Image-backed grounding data:

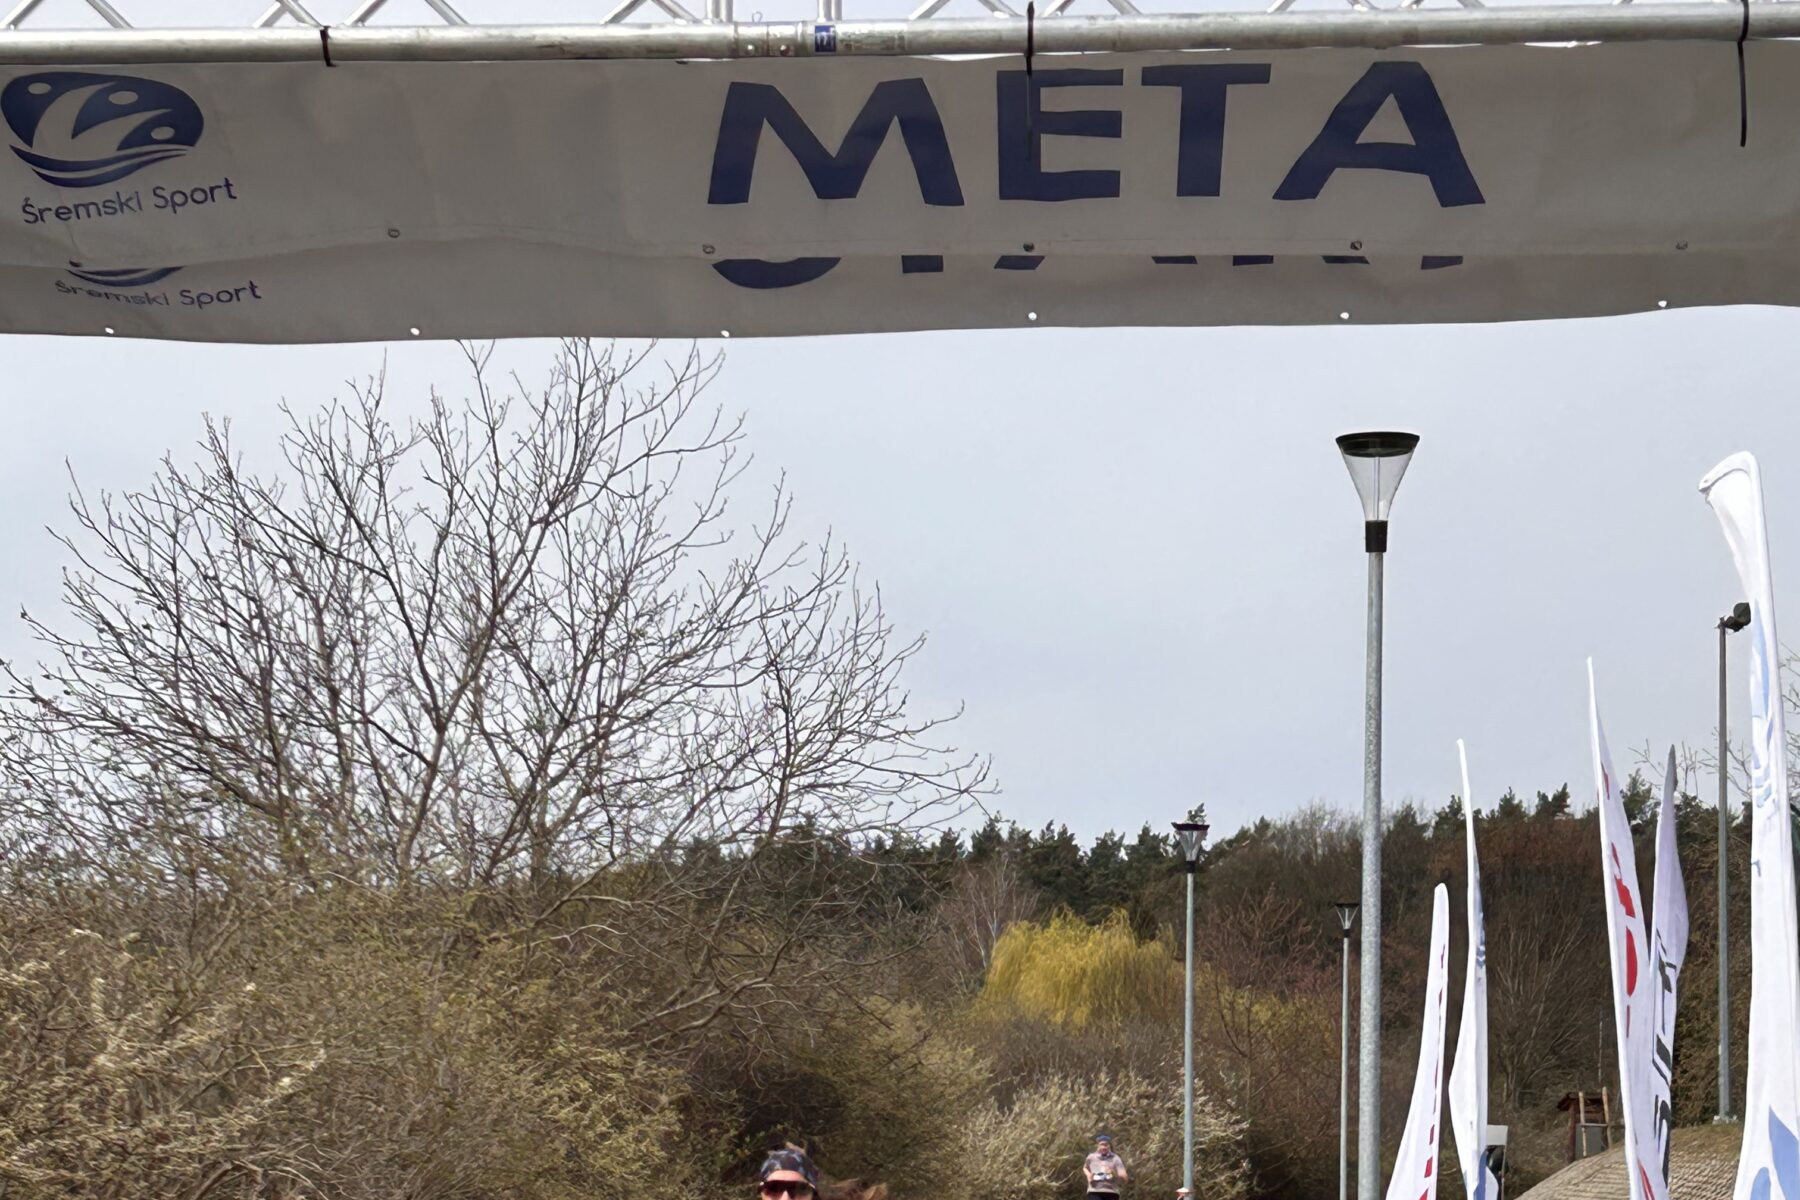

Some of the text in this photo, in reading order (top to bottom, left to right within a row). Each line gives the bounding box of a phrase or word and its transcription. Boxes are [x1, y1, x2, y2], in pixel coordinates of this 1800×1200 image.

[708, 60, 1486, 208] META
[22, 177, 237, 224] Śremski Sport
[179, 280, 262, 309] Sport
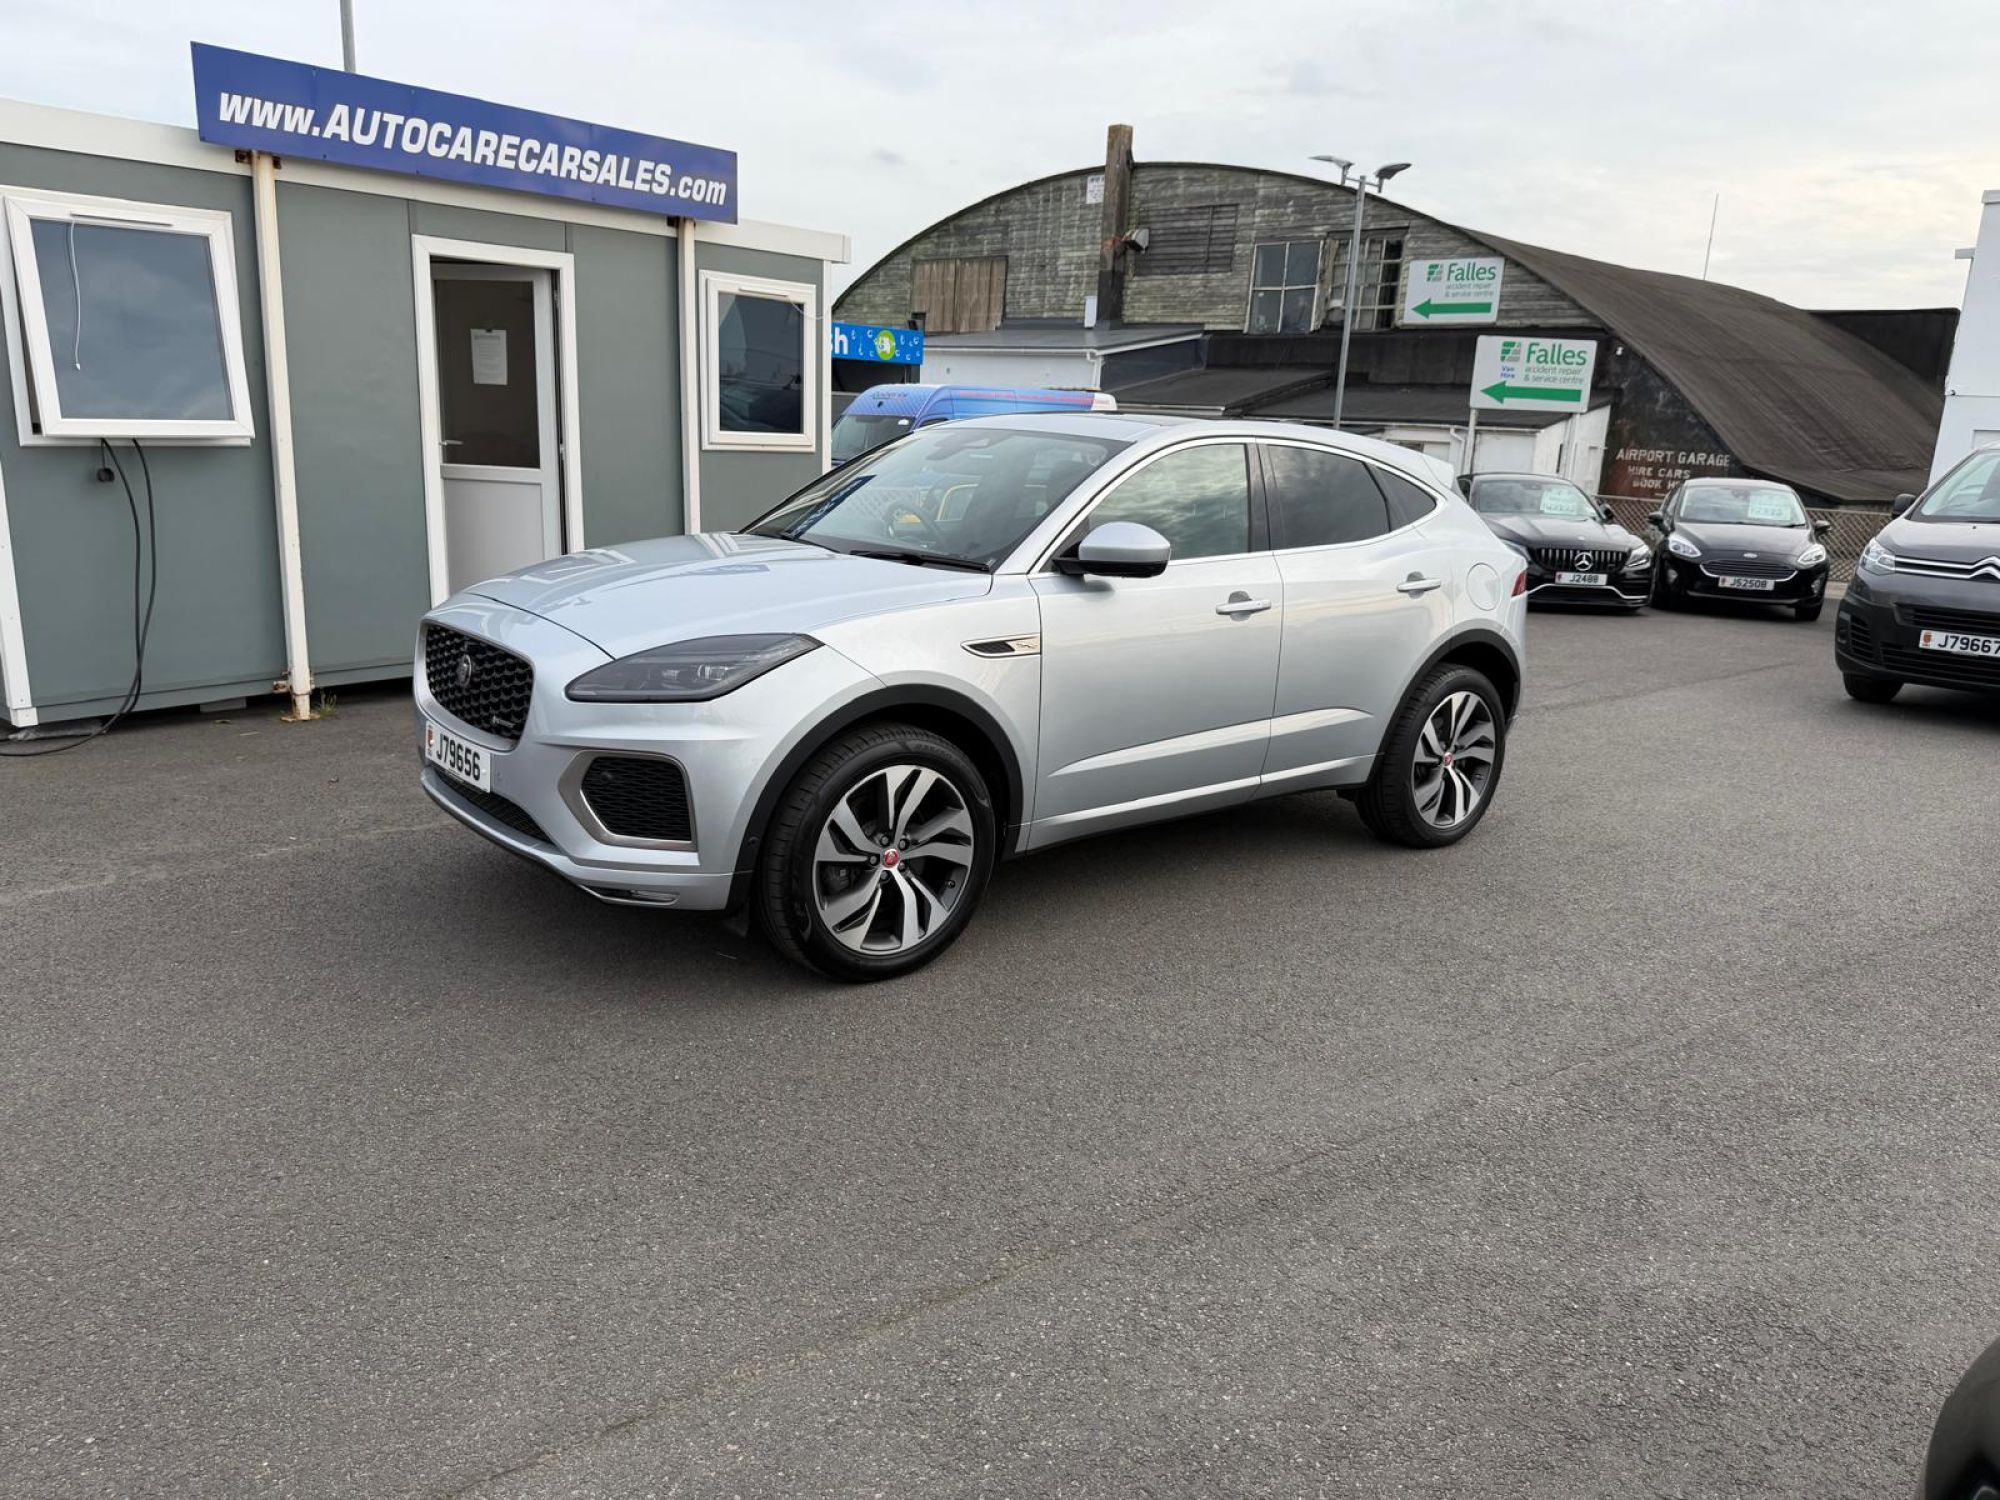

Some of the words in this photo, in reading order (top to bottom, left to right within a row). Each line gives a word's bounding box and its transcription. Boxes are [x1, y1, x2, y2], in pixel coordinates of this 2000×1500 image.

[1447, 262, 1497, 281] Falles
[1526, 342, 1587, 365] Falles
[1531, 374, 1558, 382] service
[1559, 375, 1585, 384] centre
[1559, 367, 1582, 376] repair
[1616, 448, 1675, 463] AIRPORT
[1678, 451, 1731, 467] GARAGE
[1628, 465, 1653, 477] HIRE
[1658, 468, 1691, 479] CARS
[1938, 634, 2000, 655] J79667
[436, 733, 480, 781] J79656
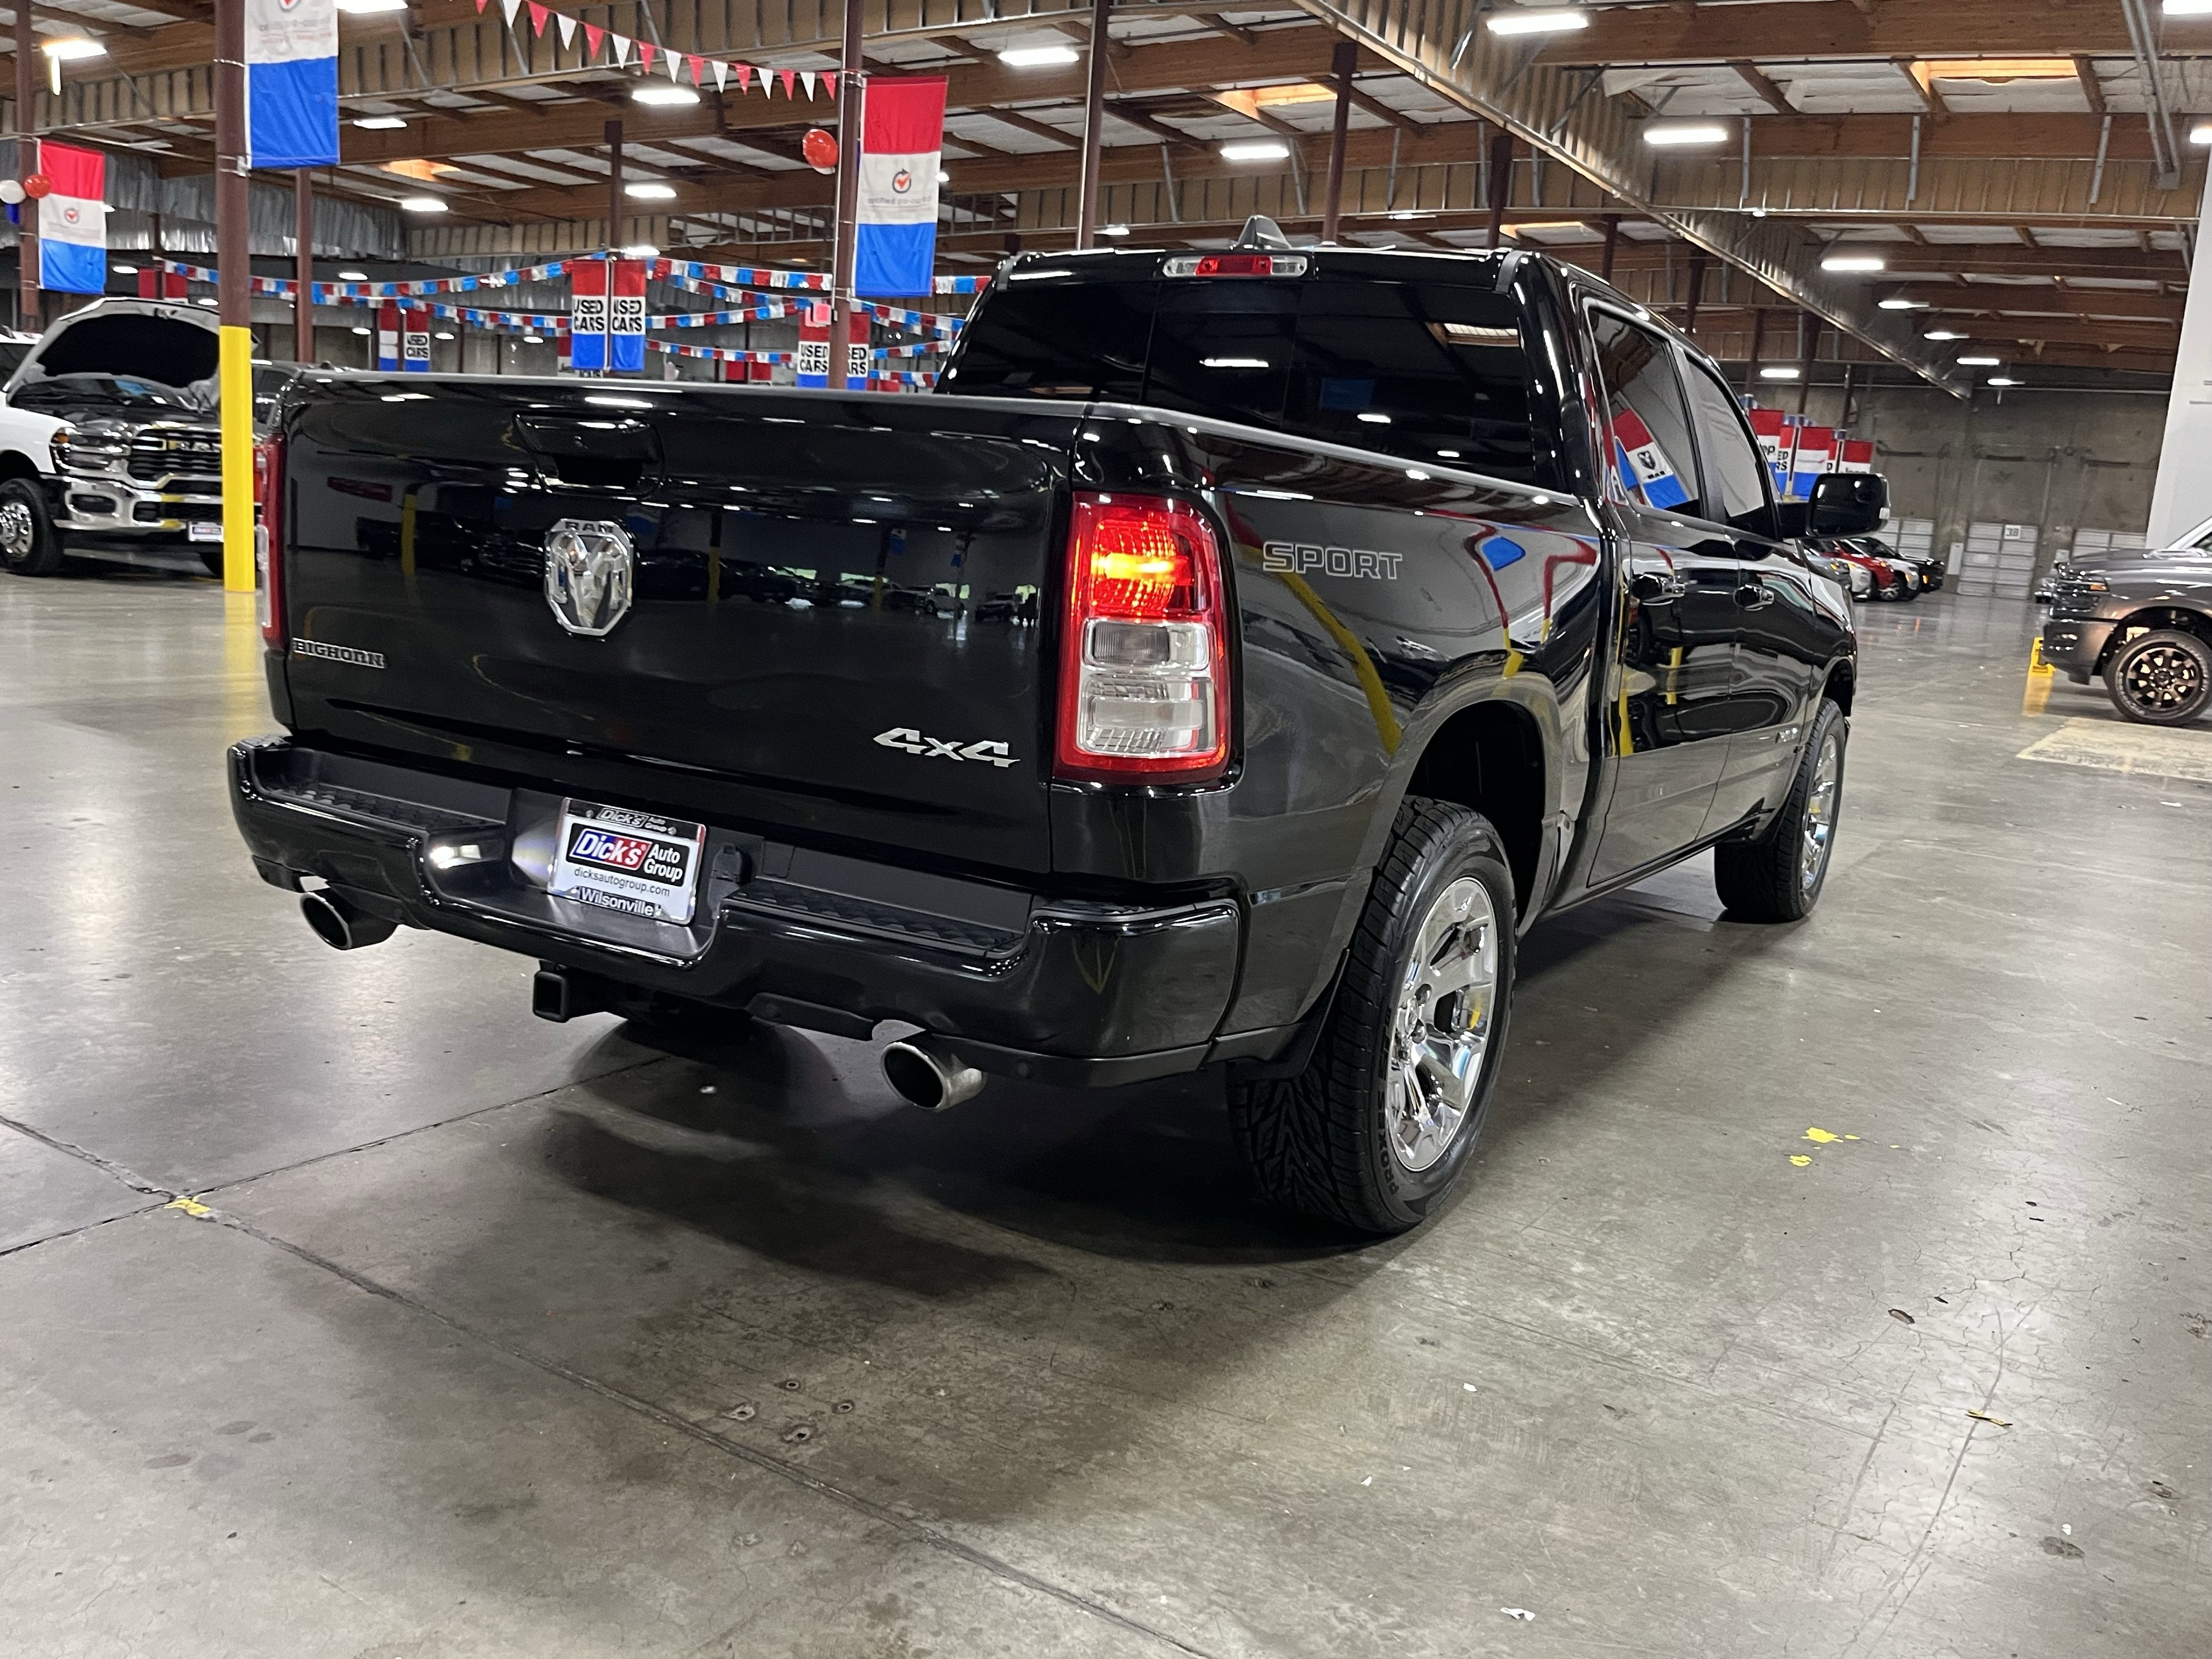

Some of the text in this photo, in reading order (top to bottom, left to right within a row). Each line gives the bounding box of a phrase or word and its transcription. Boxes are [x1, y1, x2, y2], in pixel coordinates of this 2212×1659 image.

- [Task brief]:
Once the pictures are set aside, restate the remaining data above exactly.

- [Completed task]:
Some of the text in this photo, in reading order (top to bottom, left to right within a row). Each line gives the bounding box of a phrase or word and its transcription. Boxes are [x1, y1, x2, y2], in pixel coordinates of this 1800×1200 image.

[708, 60, 1486, 208] META
[22, 177, 237, 224] Śremski Sport
[179, 280, 262, 309] Sport

Some of the words in this photo, in reading order (top to bottom, left to right within a row). Each line gives a word's bounding box and its transcription. Boxes are [x1, y1, x2, y2], in pixel coordinates of this 2000×1500 image.

[1447, 262, 1497, 281] Falles
[1526, 342, 1587, 365] Falles
[1531, 374, 1558, 382] service
[1559, 375, 1585, 384] centre
[1559, 367, 1582, 376] repair
[1616, 448, 1675, 463] AIRPORT
[1678, 451, 1731, 467] GARAGE
[1628, 465, 1653, 477] HIRE
[1658, 468, 1691, 479] CARS
[1938, 634, 2000, 655] J79667
[436, 733, 480, 781] J79656

Some of the text in this photo, in reading order (top to bottom, left to right within a row). Each line gives the bounding box of a phrase or word and its transcription. Boxes are [x1, y1, x2, y2], in pixel coordinates of this 2212×1659 image.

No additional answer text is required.